Task prompt.
A verbatim restatement of the data, free of pictures, is what you should output.

(Data items)

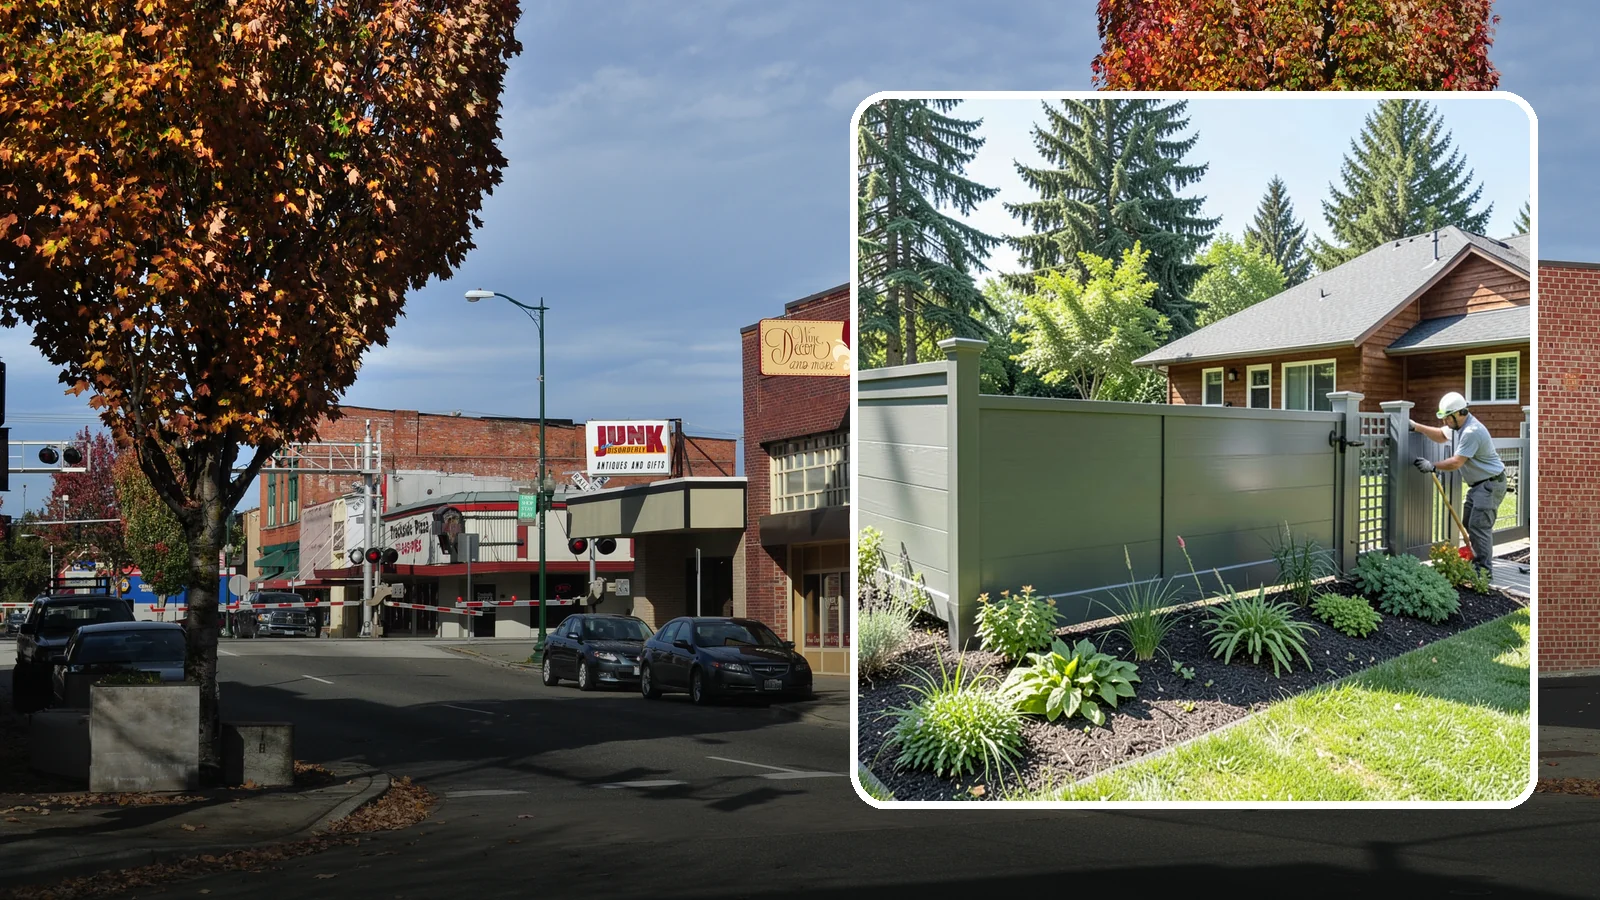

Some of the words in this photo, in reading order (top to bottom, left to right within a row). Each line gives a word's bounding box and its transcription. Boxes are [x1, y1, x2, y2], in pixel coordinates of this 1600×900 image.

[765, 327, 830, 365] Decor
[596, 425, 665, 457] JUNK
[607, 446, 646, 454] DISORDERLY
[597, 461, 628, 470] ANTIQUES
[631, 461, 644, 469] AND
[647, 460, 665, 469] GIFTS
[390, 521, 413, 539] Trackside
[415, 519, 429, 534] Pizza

Answer.
Some of the words in this photo, in reading order (top to bottom, left to right within a row). Each line gives a word's bounding box and its transcription. Boxes are [x1, y1, x2, y2], in pixel coordinates of this 1600×900 image.

[765, 327, 830, 365] Decor
[596, 425, 665, 457] JUNK
[607, 446, 646, 454] DISORDERLY
[597, 461, 628, 470] ANTIQUES
[631, 461, 644, 469] AND
[647, 460, 665, 469] GIFTS
[390, 521, 413, 539] Trackside
[415, 519, 429, 534] Pizza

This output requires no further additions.